_TASK TO CARRY OUT_
Take the line containing "this 1600×1200 image." and every line below it through the end of the entries, and output them verbatim, pictures excluded.

^^^^

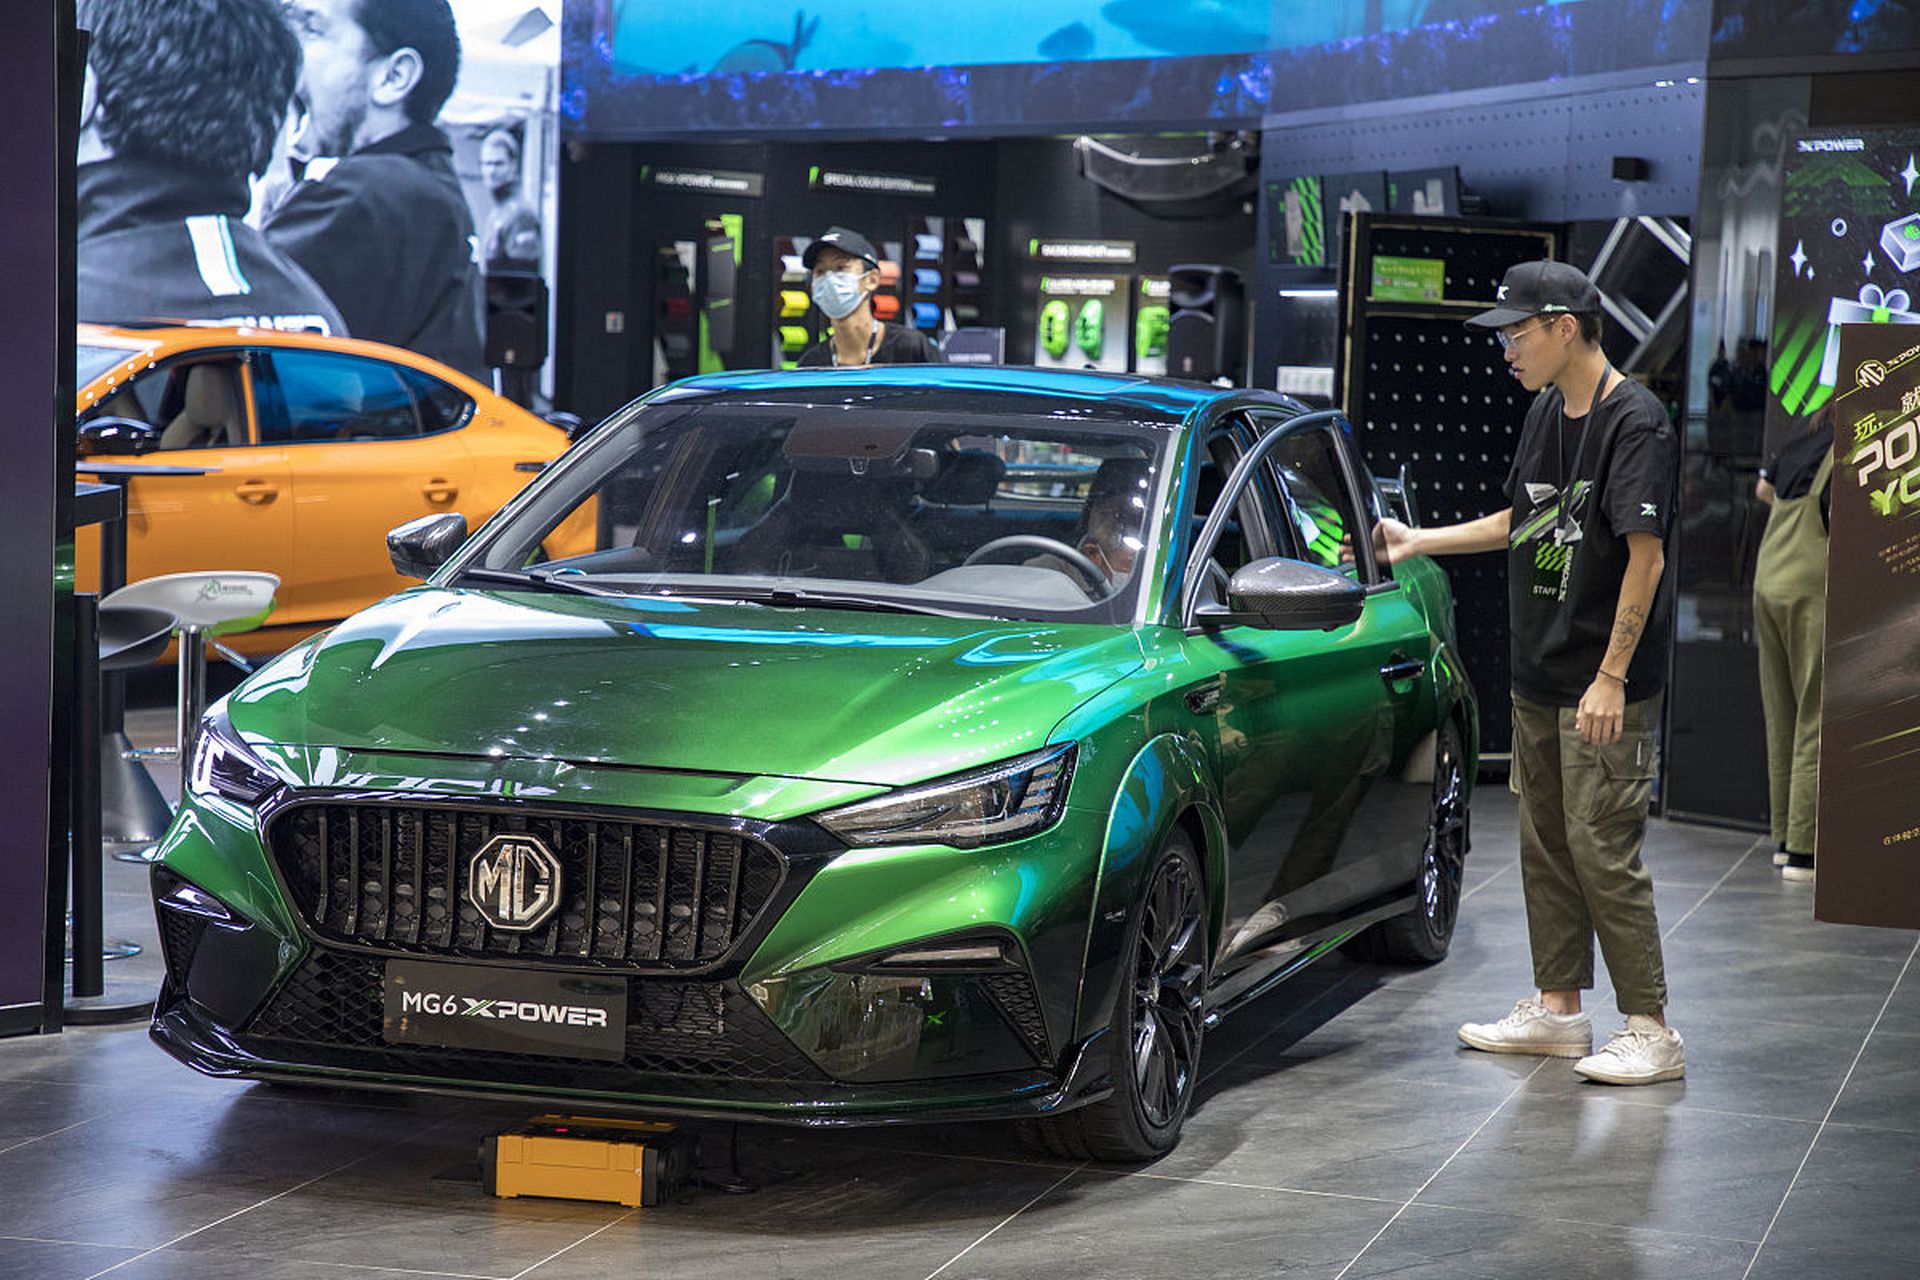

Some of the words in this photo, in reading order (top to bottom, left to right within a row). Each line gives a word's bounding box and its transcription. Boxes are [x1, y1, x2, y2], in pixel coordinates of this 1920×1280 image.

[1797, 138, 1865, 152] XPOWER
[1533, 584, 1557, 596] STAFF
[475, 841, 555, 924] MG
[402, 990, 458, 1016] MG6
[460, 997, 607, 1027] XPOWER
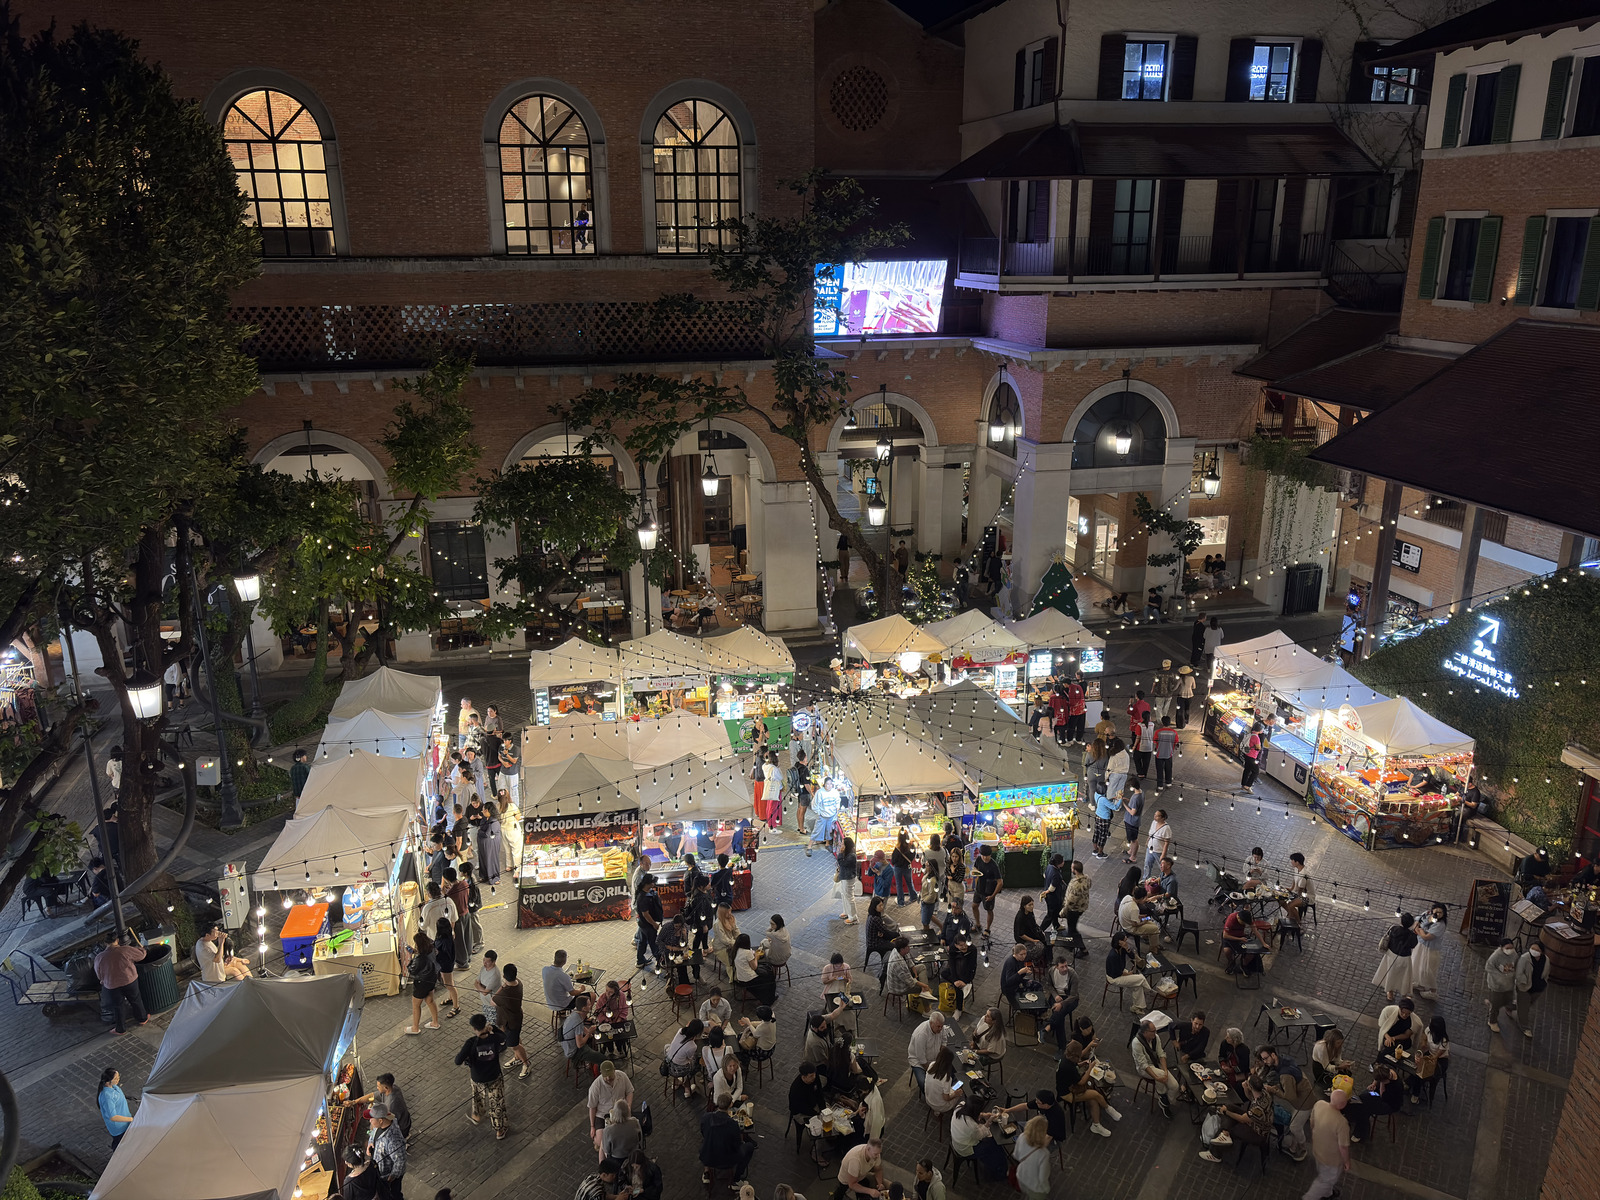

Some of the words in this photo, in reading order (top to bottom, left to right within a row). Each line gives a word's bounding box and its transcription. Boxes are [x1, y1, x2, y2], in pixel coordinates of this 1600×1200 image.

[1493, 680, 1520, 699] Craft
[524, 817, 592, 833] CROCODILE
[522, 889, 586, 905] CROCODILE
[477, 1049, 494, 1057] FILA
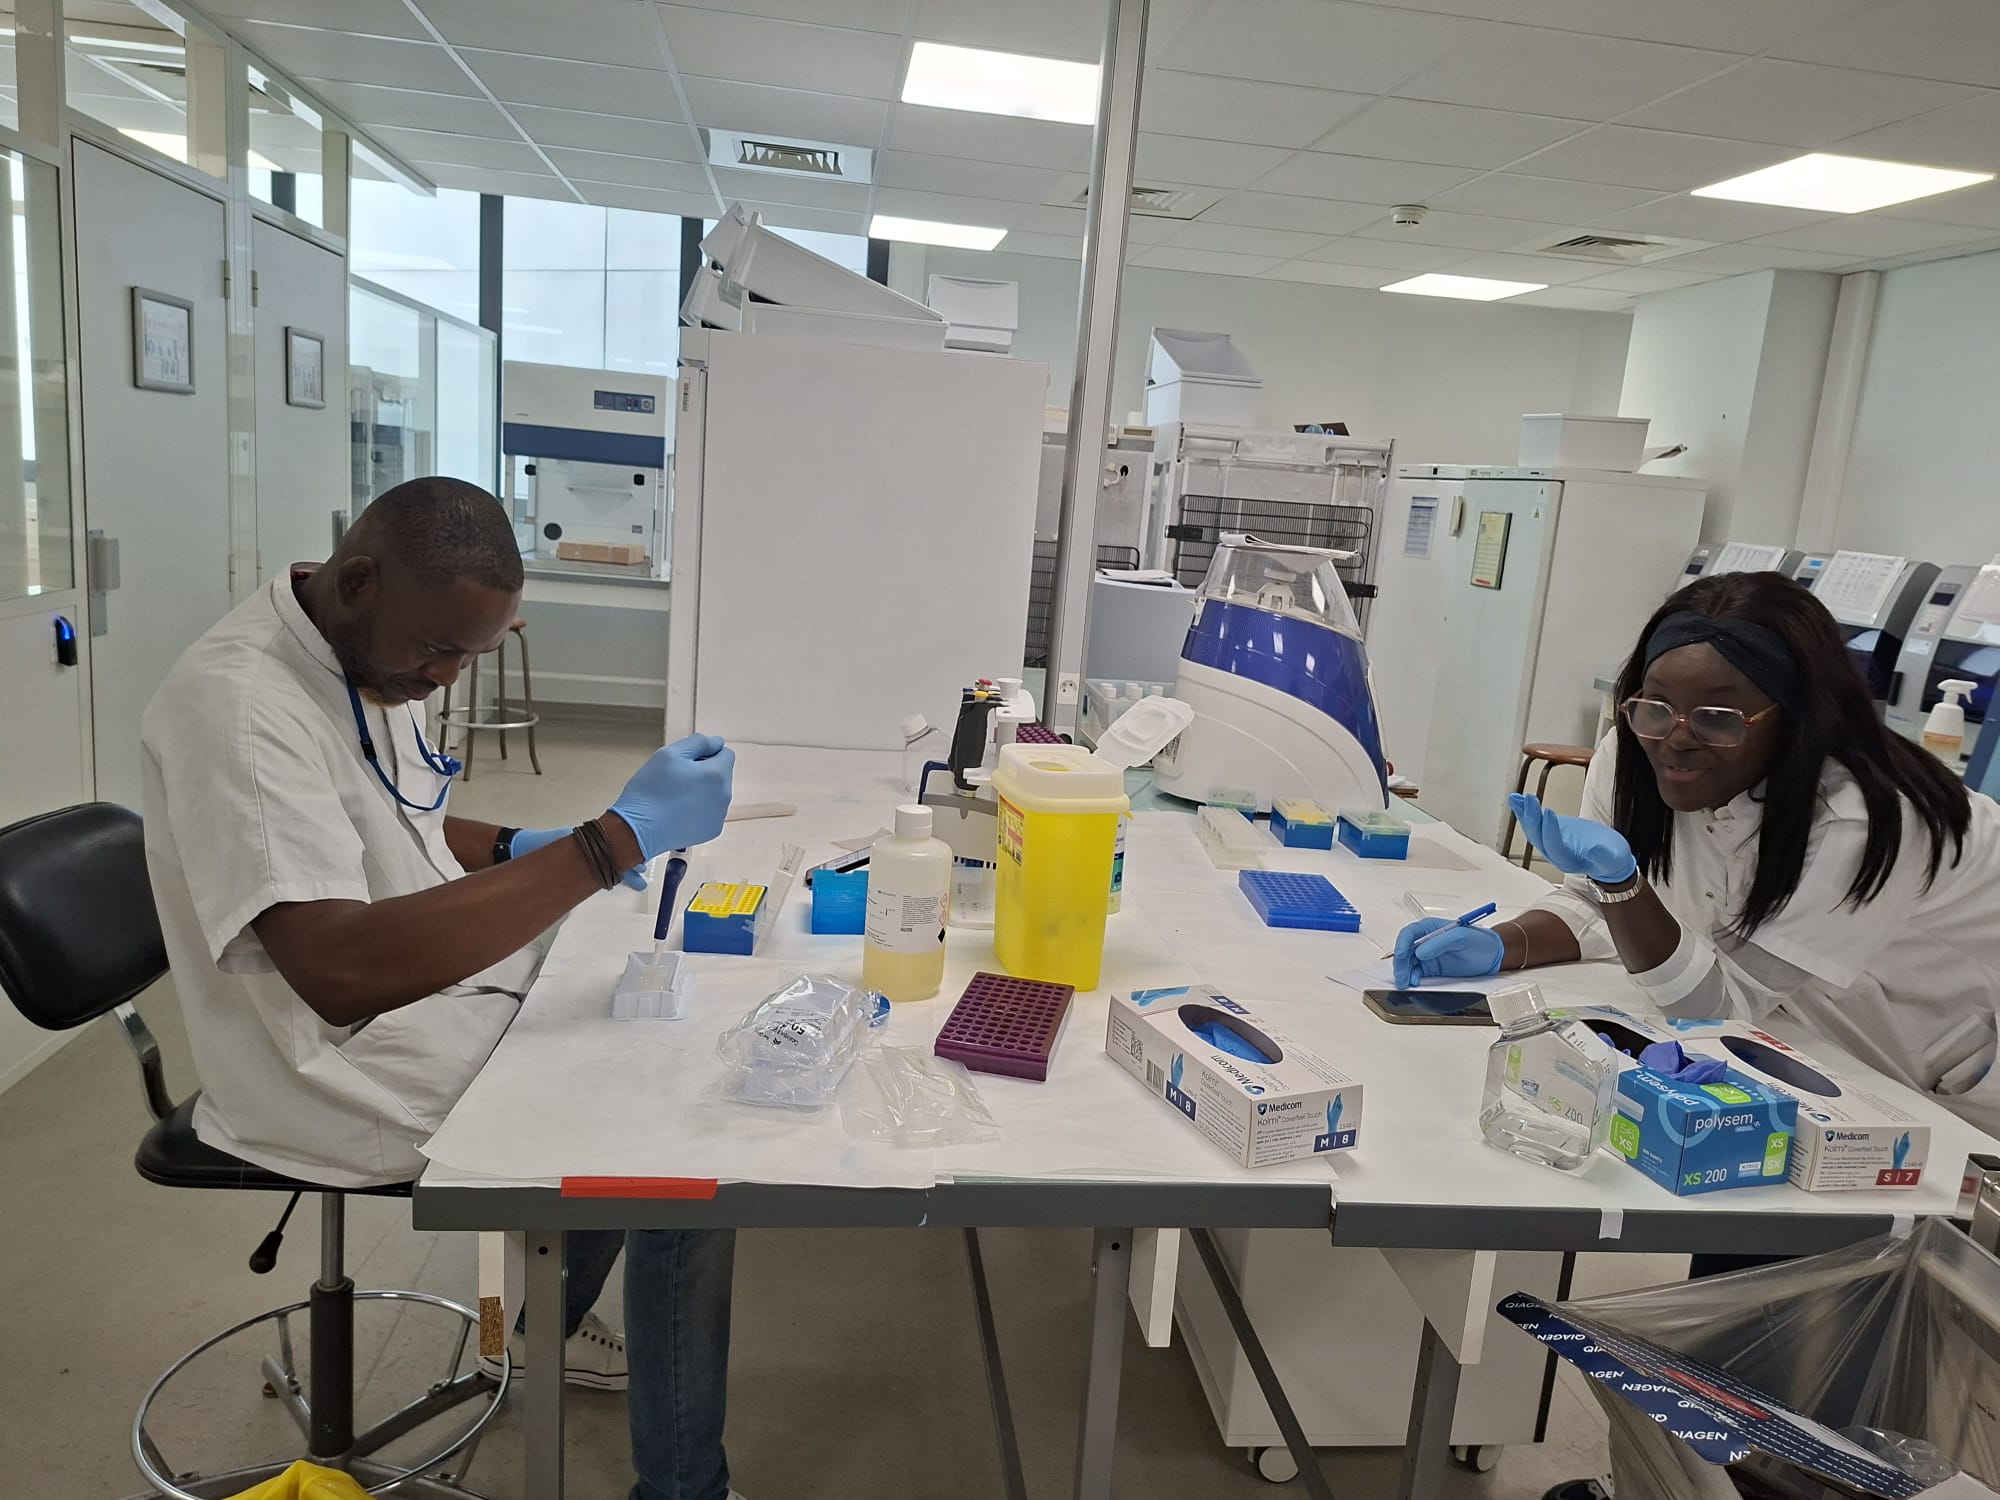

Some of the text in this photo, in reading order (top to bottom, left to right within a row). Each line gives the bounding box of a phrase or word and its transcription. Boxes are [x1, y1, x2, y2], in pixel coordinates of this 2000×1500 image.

^^^^

_OUTPUT OF THE TASK_
Some of the words in this photo, in reading order (top to bottom, left to right within a row). Each line gives a word's bounding box and its transcription. Boxes are [x1, y1, x2, y2], in pixel coordinates of this 1600×1200 image.

[1493, 680, 1520, 699] Craft
[524, 817, 592, 833] CROCODILE
[522, 889, 586, 905] CROCODILE
[477, 1049, 494, 1057] FILA

Some of the text in this photo, in reading order (top to bottom, left to right within a row). Each line gives the bounding box of a phrase or word and its transcription. Boxes are [x1, y1, x2, y2], in pixel coordinates of this 2000×1500 image.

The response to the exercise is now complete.